Economy

Unemployment Is Rapidly Contracting, Yet Many Cracks Remain

Thursday’s sell-off in the stock market may have been profit taking in the market darlings after such massive runs, but there was already a growing fear that Friday’s unemployment report was going to be weak. According to the Department of Labor, U.S. employers added 1.37 million jobs in August. The unemployment rate also sell to 8.4% for the month of August.

The jobless rate had been closer to 3.5% ahead of the pandemic, but it peaked at nearly 15% back in April as the effects of the pandemic shutdowns were so high.

The good news is that this now takes the unemployment rate solidly under 10%. The bad news is that this report still has many cracks in it and getting a full picture of the jobs market is still a bit challenging.

Friday’s report was handily better than expectations after ADP set a very tone with a much weaker payrolls growth. The consensus estimate from the Wall Street Journal were calling for the unemployment rate to be 9.8%. The consensus estimate for jobless claims was roughly 1.2 million.

The BLS data also showed that the labor force participation rate increased by 0.3% to 61.7% in August, but that is still 1.7 percentage points below its February level. Total employment in the household survey rose by 3.8 million to 147.3 million people in August.

If you have been wondering how the endless growth of Zoom and other communications services have been so strong, the BLS has an answer for that too. Some 24.3% of employed Americans teleworked because of the coronavirus pandemic in August. That number looks massive but it is actually down from a level of 26.4% in July.

According to the BLS report, the higher payrolls came from a continued resumption of economic activity and efforts to contain the pandemic. The increase in government employment was said to be mostly due to temporary hiring for the 2020 Census. Gains were also seen in the private sector in retail trade, professional and business services, leisure and hospitality, and in the education and health services sector.

One key aspect of the report is that the number of unemployed Americans fell by about 2.8 million to 13.6 million. And among the unemployed, the number of Americans on temporary layoff decreased by 3.1 million in August to 6.2 million. Still, the BLS reported that the number of permanent job losers increased by 534,000 to 3.4 million and number of unemployed reentrants to the labor force declined by 263,000 to 2.1 million in August. The number of people not in the labor force who currently want a job also declined by 747,000 to 7.0 million in August.

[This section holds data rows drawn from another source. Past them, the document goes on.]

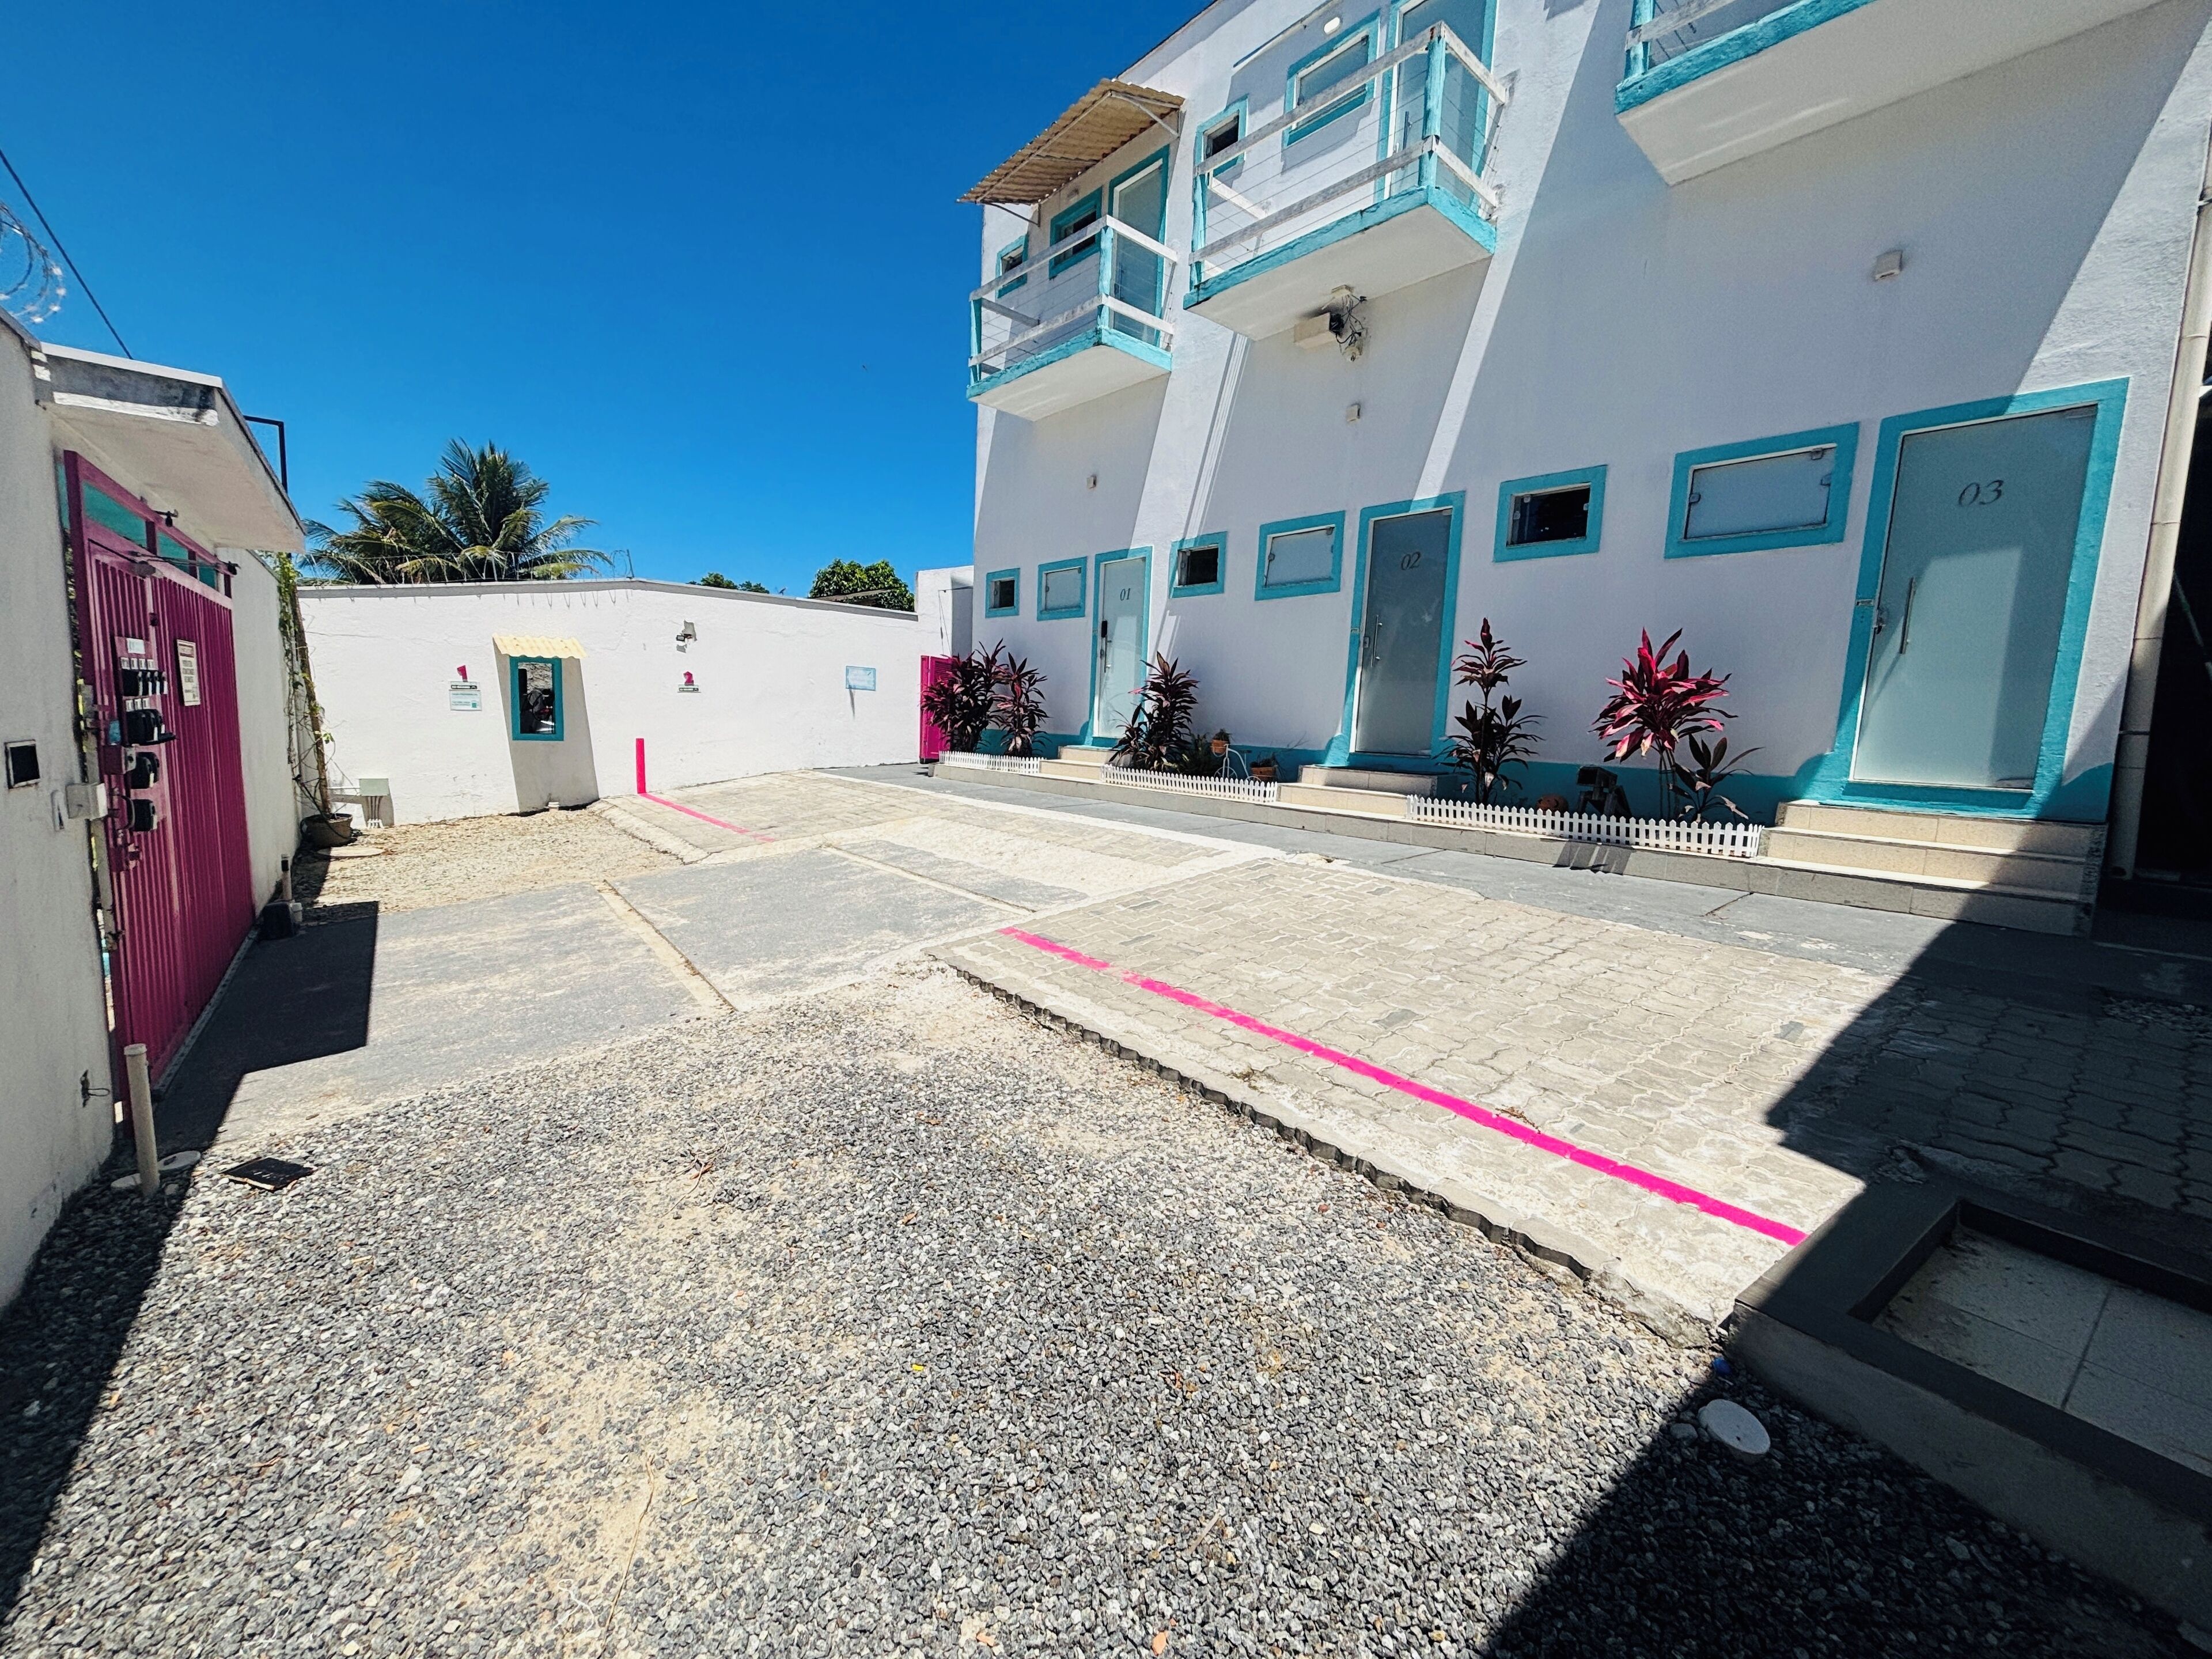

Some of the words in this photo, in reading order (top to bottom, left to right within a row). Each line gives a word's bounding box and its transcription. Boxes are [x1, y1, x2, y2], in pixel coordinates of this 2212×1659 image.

[1958, 479, 2004, 506] 03
[1401, 551, 1421, 570] 02
[1120, 588, 1130, 601] 01
[457, 665, 468, 682] 1
[683, 671, 694, 686] 2

The BLS also showed that the number of unemployed persons who were jobless less than 5 weeks decreased by 921,000 to 2.3 million in August, while the number of persons jobless 5 to 14 weeks fell by 2.0 million to 3.1 million. The long-term unemployed, measured as those who have been jobless for 27 weeks or longer, numbered 1.6 million.

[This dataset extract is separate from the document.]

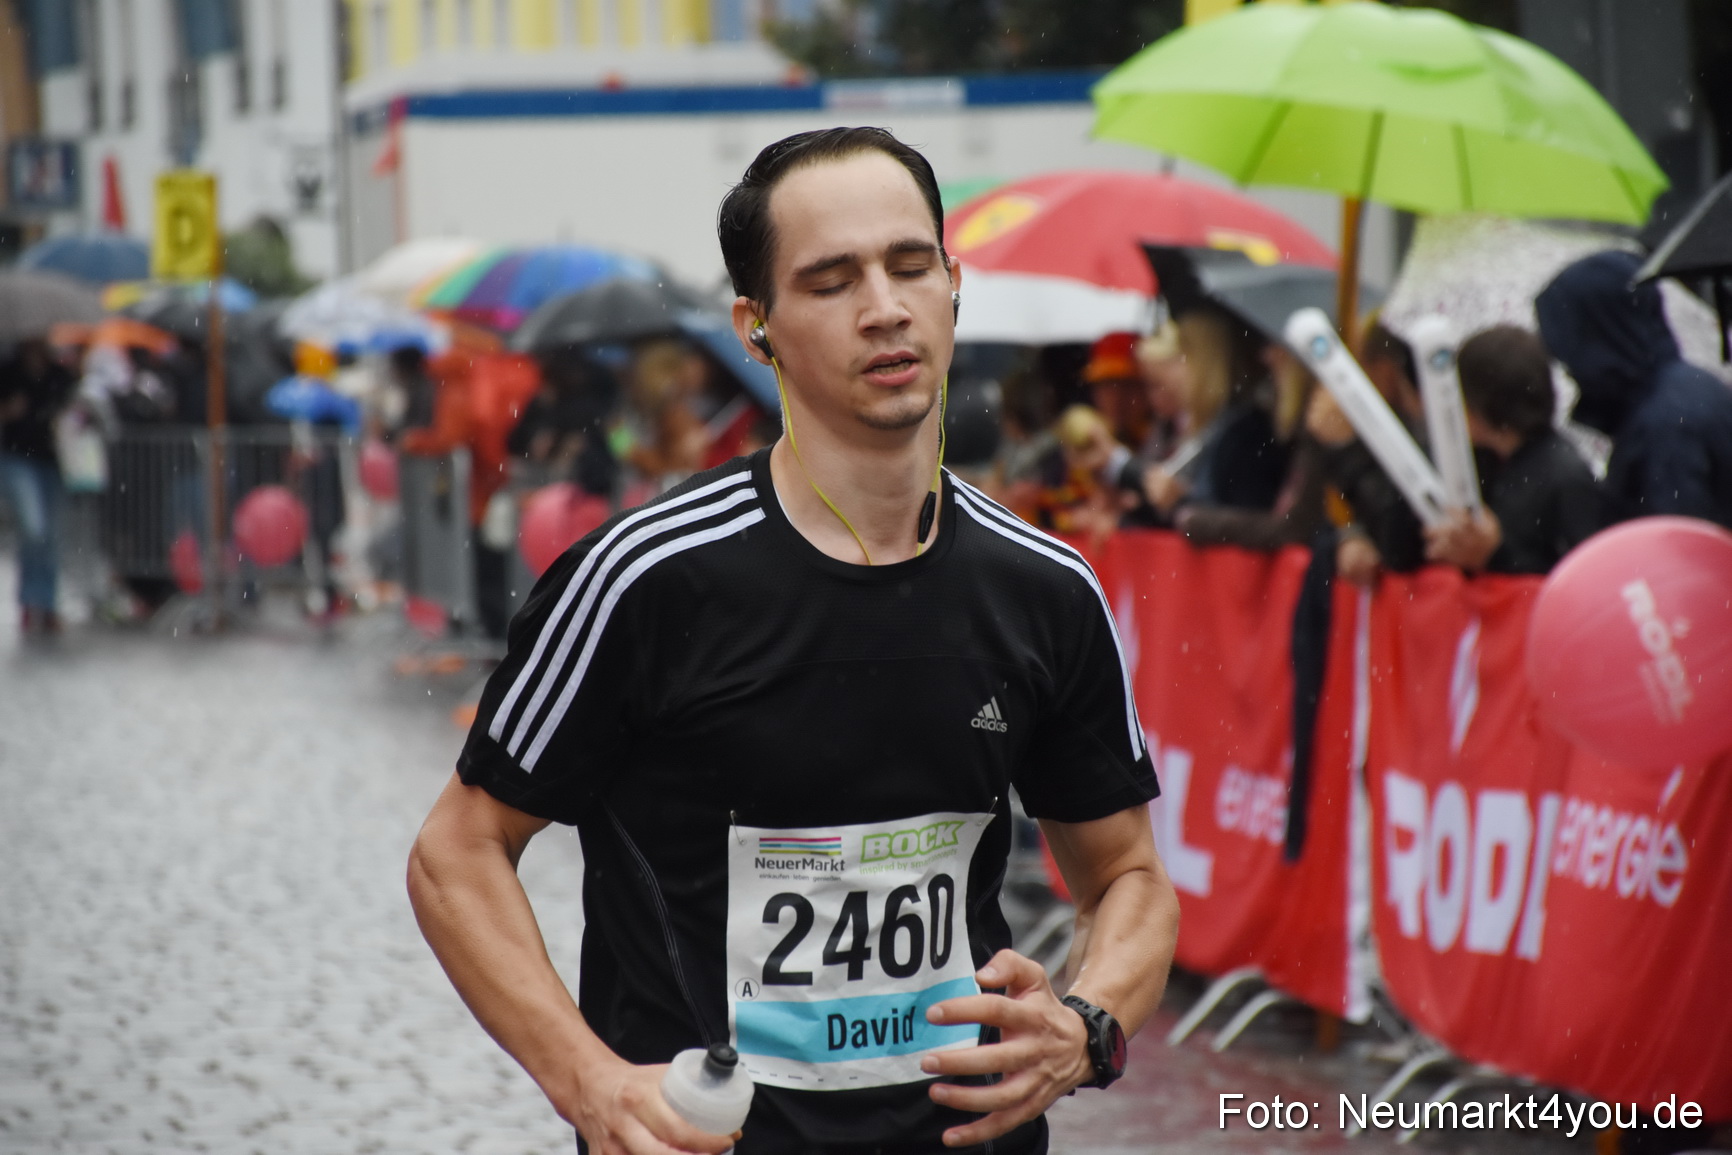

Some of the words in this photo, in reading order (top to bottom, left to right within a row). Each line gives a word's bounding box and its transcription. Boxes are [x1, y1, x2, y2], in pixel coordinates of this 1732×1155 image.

Paychecks appear to be higher in August. Average hourly earnings for all employees on private nonfarm payrolls rose by $0.11 to $29.47 in August. Average hourly earnings of private-sector production and nonsupervisory employees also rose by $0.18 to $24.81.

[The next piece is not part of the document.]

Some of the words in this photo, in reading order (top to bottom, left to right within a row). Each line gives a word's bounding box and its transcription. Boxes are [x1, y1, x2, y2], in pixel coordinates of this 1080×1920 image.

Another factor that has skewed the reporting is that there were 5.2 million persons who were in the labor force in August and were prevented from looking for work due to the pandemic. This is down from an even larger pool of 6.5 million in July, but that is still a very large number. The BLS also specified in the August report that the large employment fluctuations over the past several months. particularly in industries with lower-paid workers, has complicated the analysis of current trends in average hourly earnings.

Reading through BLS data has become more challenging than normal because of the data collection issues and combinations of certain reports under the COVID-19 pandemic. There are also large numbers of people who are being considered with exceptions. In many respects, the non-seasonally adjusted data are showing more of the total picture than the seasonally adjusted data.

The stock market’s reaction has been mixed after the BLS report. The S&P 500 was down almost 0.2% and the NASDAQ was down about 1.2% after the report, but the Dow Jones Industrial Average was still up over 0.4% after about 20 minutes of trading.